Pour cela elle va avoir la chance d’être tirée au sort par l’Europe, berceau des paysans. La Commission européenne organise en effet des conférences de citoyens sur des thèmes aussi divers que les OGM, le Terrorisme, la PMA ou l’Intelligence artificielle. À la France est attribuée le sujet du Temps libre. Une piquante ironie développée sous la plume et les yeux d’Emma qui verra bientôt Wendy mener une danseuse coréenne comateuse, un eurocrate belge dépressif, une Française oisive pré-Alzheimer et une chimère homme-chien nommée Alistair sur la voie du salut.
Avec un sens de la gêne qui confine au génie, Emmanuel Pireyre tire le fil qui mène d’une commande du journal Libération à une sorte de talk-show messianique mêlant Éric Rohmer et David Lynch. Par son art de l’intertitre et sa prose faussement nonchalante, elle nous balade tambour battant sur les terres d’un avenir qui ne sait absolument pas où il va et qui se laisse guider par les histrions d’une Histoire revisitée. Tout est est vraisemblable, ce qui rend l’hilarité qui nous échappe d’autant plus inquiétante.
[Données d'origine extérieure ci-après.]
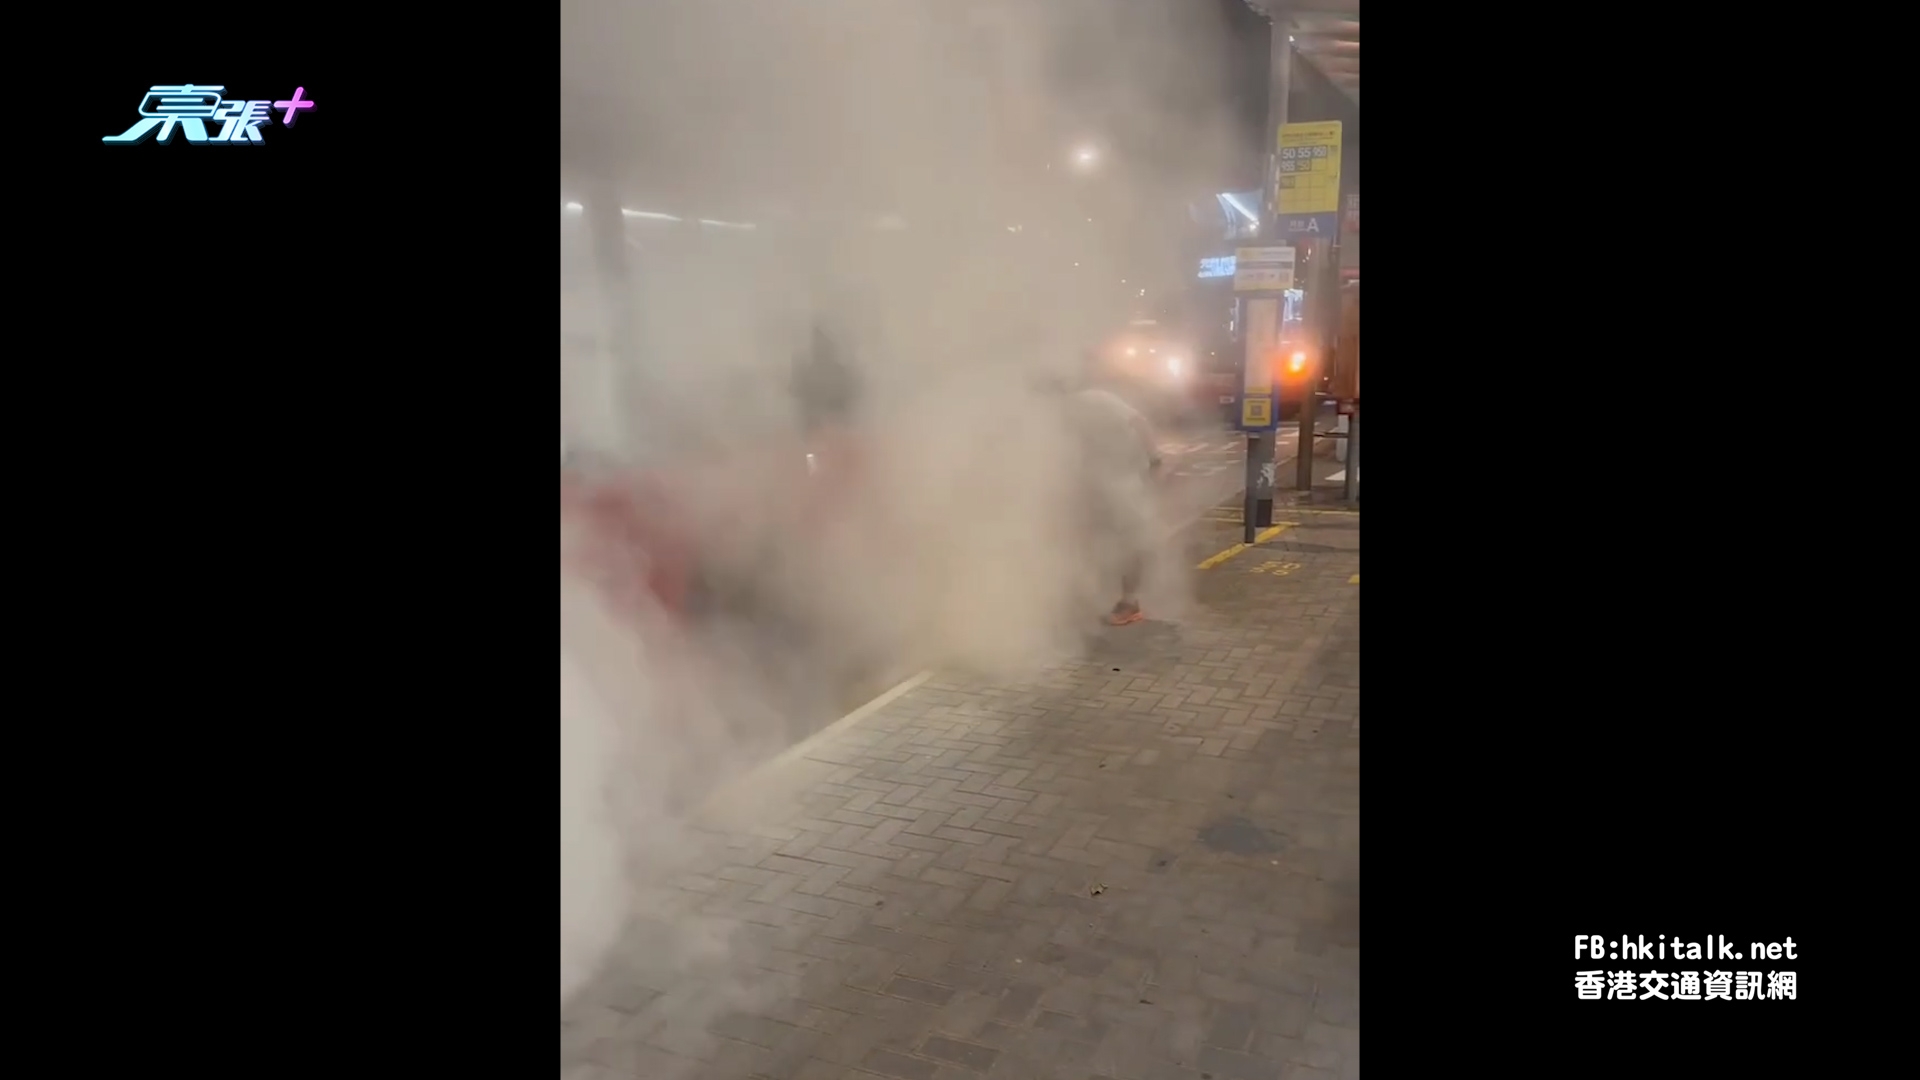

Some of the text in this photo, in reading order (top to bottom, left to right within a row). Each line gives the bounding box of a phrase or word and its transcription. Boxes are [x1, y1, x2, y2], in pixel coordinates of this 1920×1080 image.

[1282, 148, 1296, 159] 50
[1297, 147, 1311, 158] 55
[1306, 217, 1320, 232] A
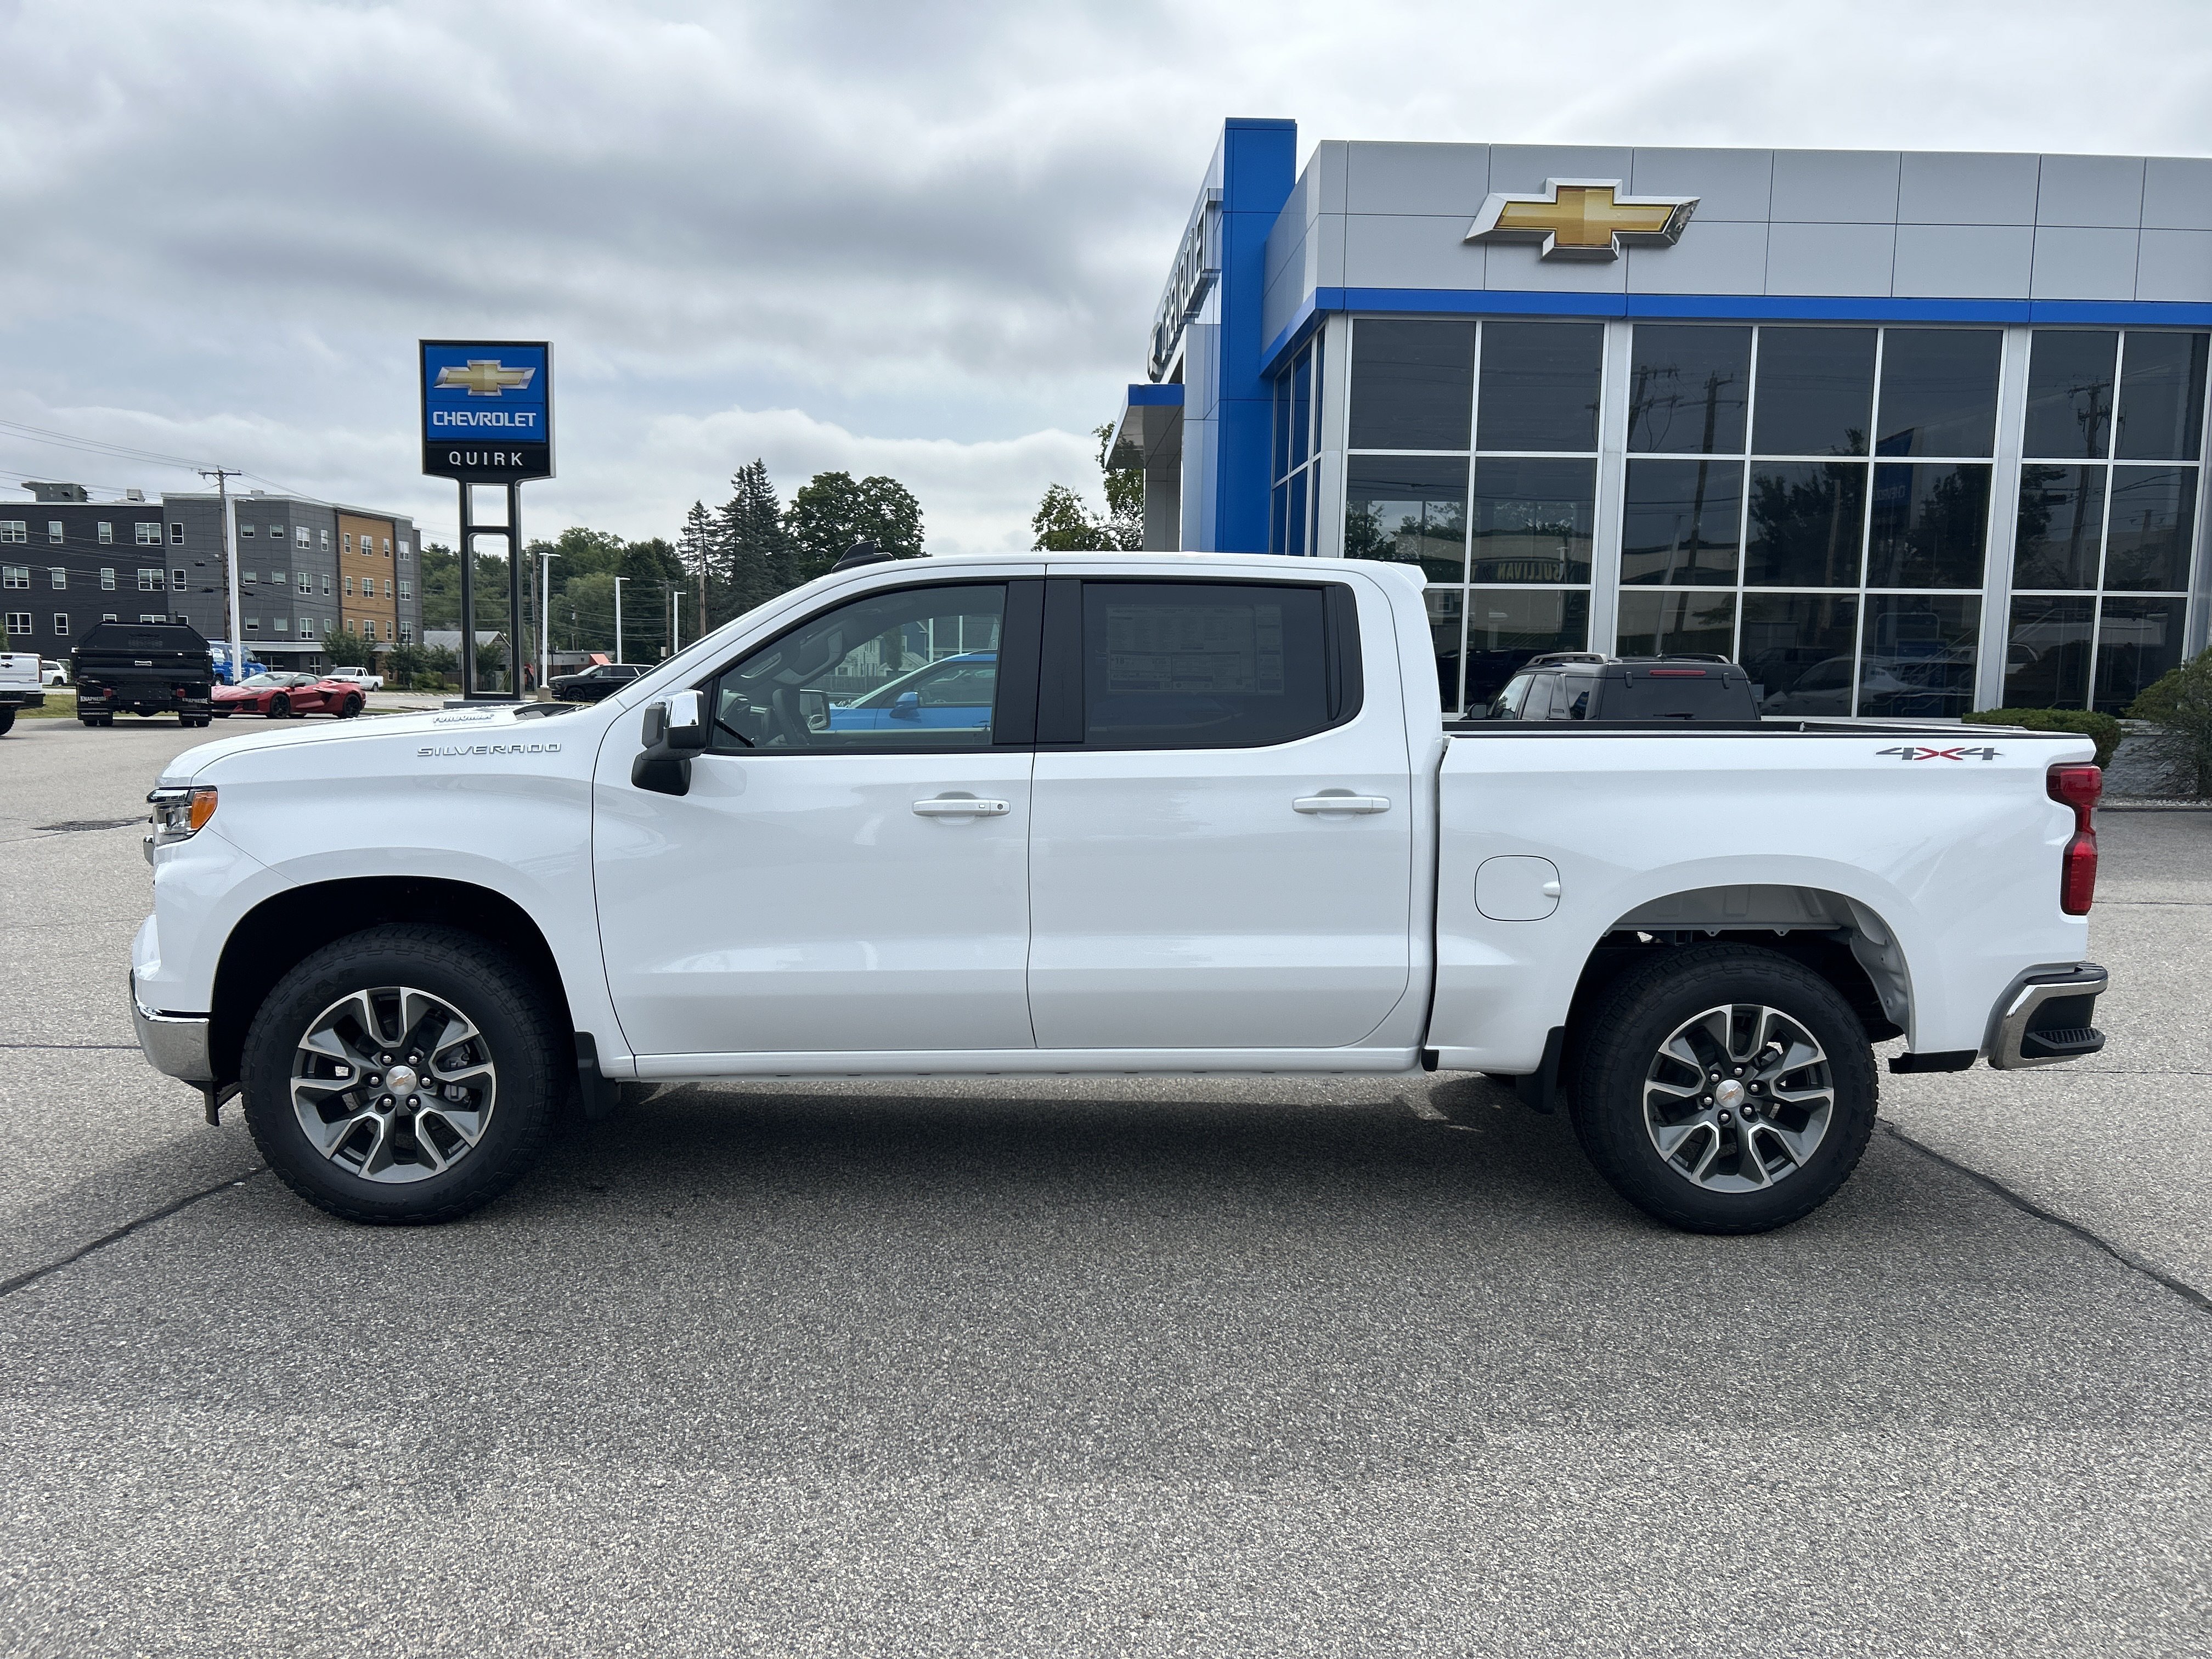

Le point culminant du livre est un monochrome, le Carré blanc sur fond blanc du peintre suprématiste russe Kasimir Malévitch (1918), mentionné par le panel des Français à titre de matérialisation de la paresse et de l’indolence. Il n’est pas anodin que la romancière ait choisi ce tableau plutôt qu’un autre, le Carré noir sur fond blanc (1915), qui orna de Leningrad à Moscou la camionnette transportant le cercueil de l’artiste mort en 1935, à la veille des congés payés du côté de chez nous.
Car on trouve dans l’univers de Pireyre une pulsion de vie qui transforme l’énergie des muscles zygomatiques en matière à penser. Elle traite tous les sujets du moment – biodiversité, migrants, transgenre – par la bande en y appliquant une couche de farce qui préserve les nuances et les aspérités. Son roman n’est pas une satire parce qu’elle est embarquée avec la folie de ses personnages. Embedded, diraient les woke people auxquels elle confesse appartenir tout en n’y voyant pas une raison suffisante pour arrêter de s’interroger. Si le monde est une question, Pireyre étouffe la réponse dans un grand éclat de rire.